Любашка не показывалась на людях, над ней пели сёстры, укладывали приданое, плакали.
Плакала сама Любашка или нет — блёклым голосом повторяла за девушками:
На свадьбу Драгош не остался, ушёл накануне, рано утром. Княжичи сами вешали за ним засов.
Усадьбу накрыла тишина, только солнце щекотало ставни — цеплялось, чтоб подняться выше, птахи купались в пыли, гнус гудел… Хлестали по пёстрым бокам хвосты, стадо лилось на луга. Конюхи с Владком пошли проведать табун.
Ограда разломана, кони мечутся, и меньше их… чуть не вполовину. Сторожа? У одного лицо вчистую выедено, второй поломан весь, сказать ничего не успел, только кровь ртом пошла.
Рванулась братина на поиски. След остыл, лошадей и не сыщешь.

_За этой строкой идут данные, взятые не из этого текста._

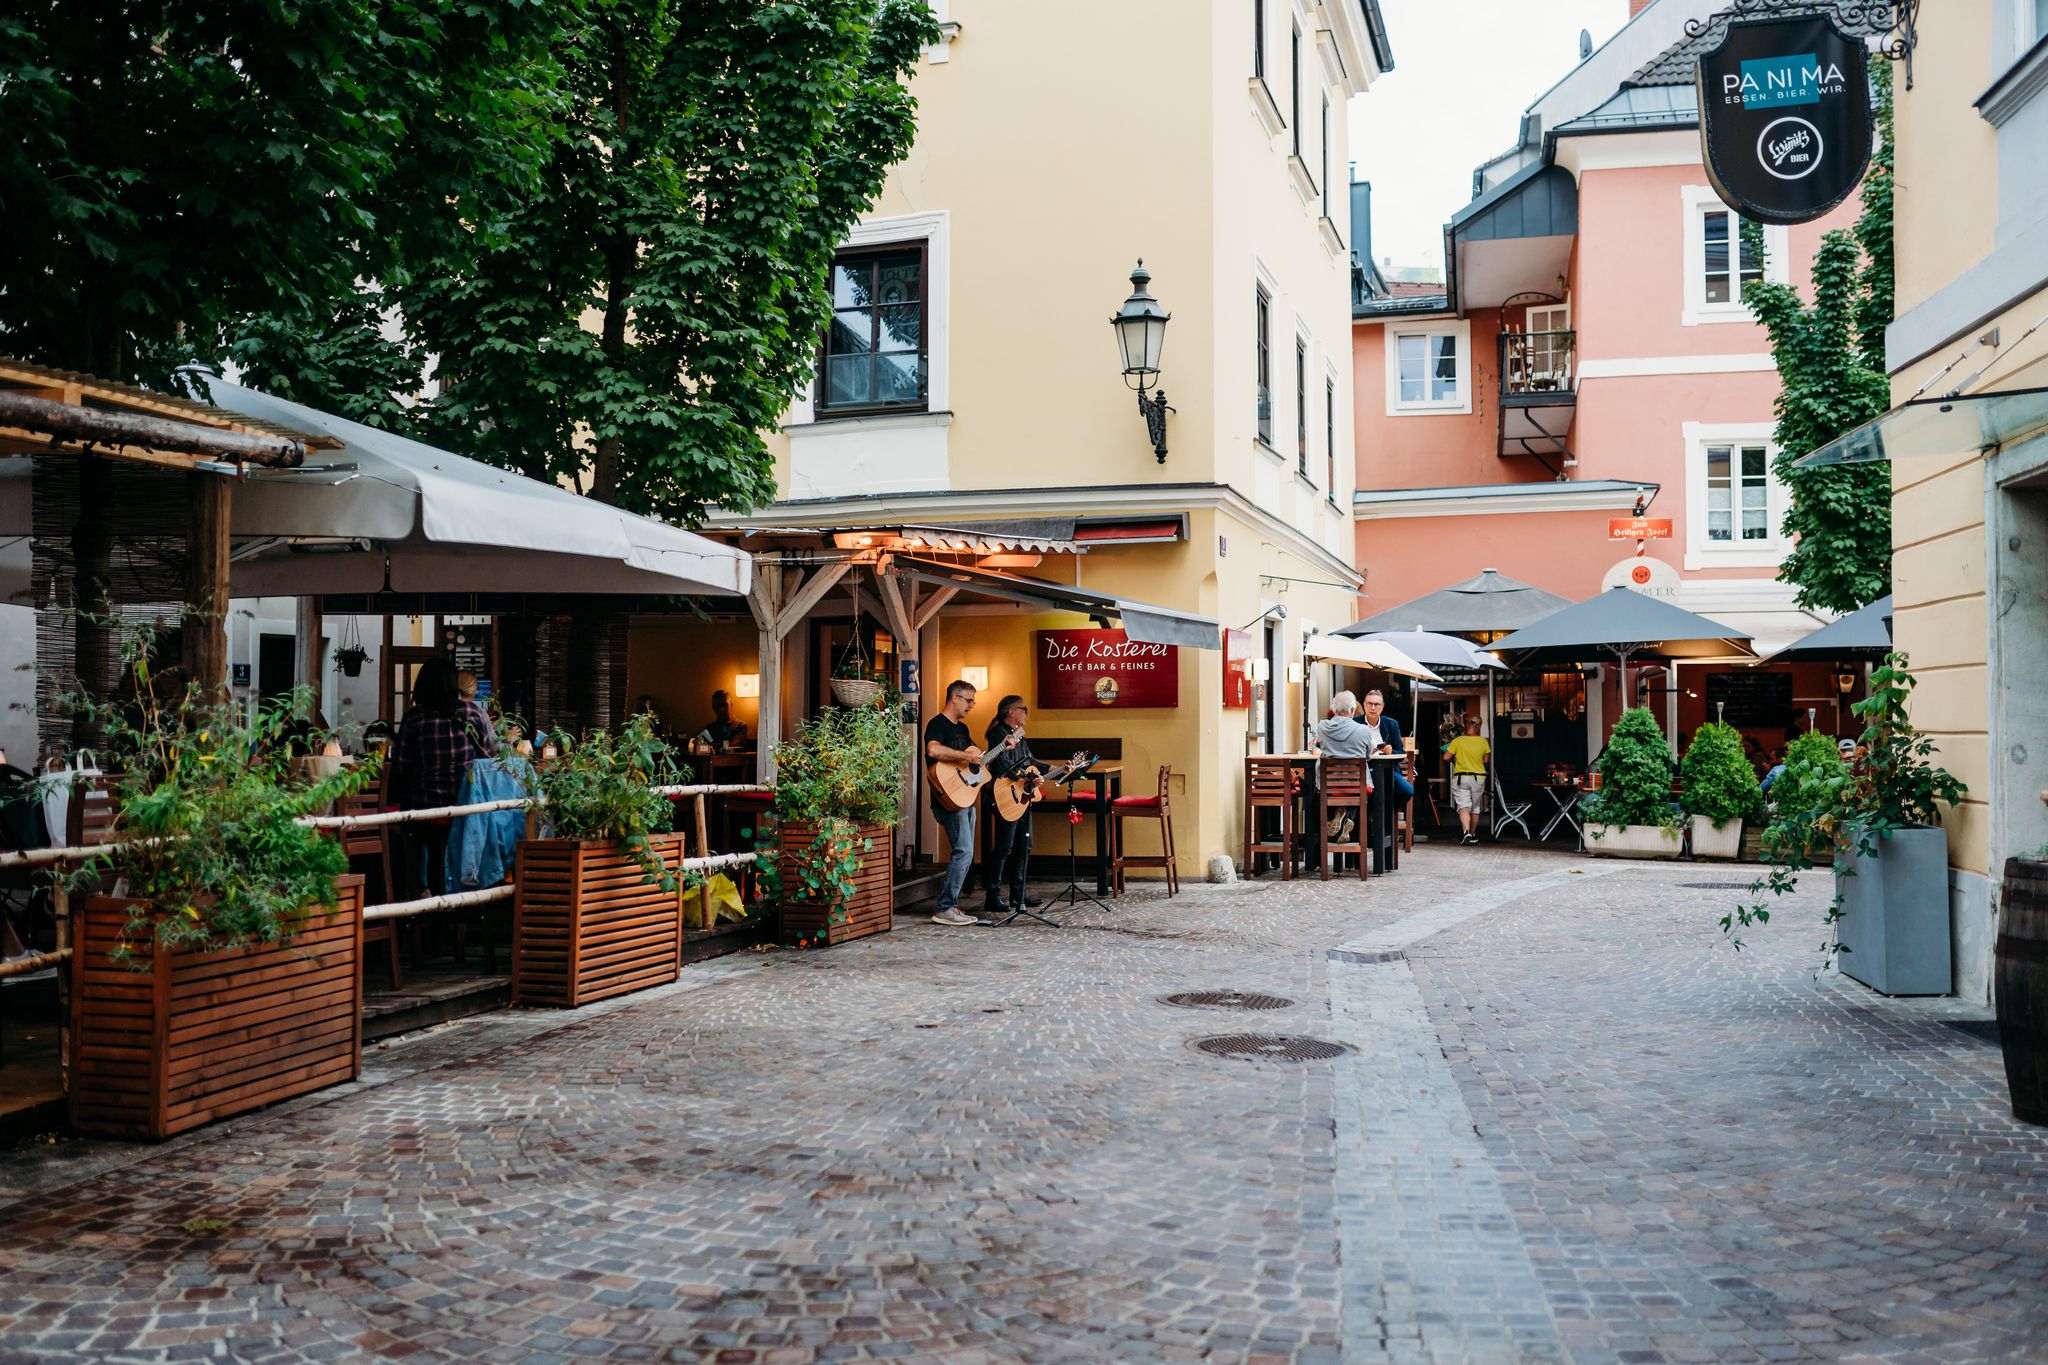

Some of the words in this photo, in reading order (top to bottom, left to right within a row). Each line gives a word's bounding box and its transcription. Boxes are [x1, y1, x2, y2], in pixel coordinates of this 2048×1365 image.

Целыми привели только двух, с остальных — то копыта обглоданные, с кого — хвост, с кого — зубы. Принесли красные ошмётки — разорванная в клочья рубашка-целошница.[53] Будет переполох и на женской половине…
Ростислав рвал на себе волосы, братья-волки рядком сидели на поленнице и в четыре голоса причитали над косточками. Из женского дома никто не показывался.
— Боятся, — прошипел князь. — Правильно делают. А ну все за мной.
Пегая стая хлынула мимо курятника, трое серебристо-чёрных волков впереди ткнулись носами в руки князя. Он поскрёб им за ушами и под салазками.
Четвёртый остался: прижимал лапой конскую ногу и сипло постанывал.
Выпорхнула из светлицы Хильдико, покружила над поленом, потрепала аспидный загривок.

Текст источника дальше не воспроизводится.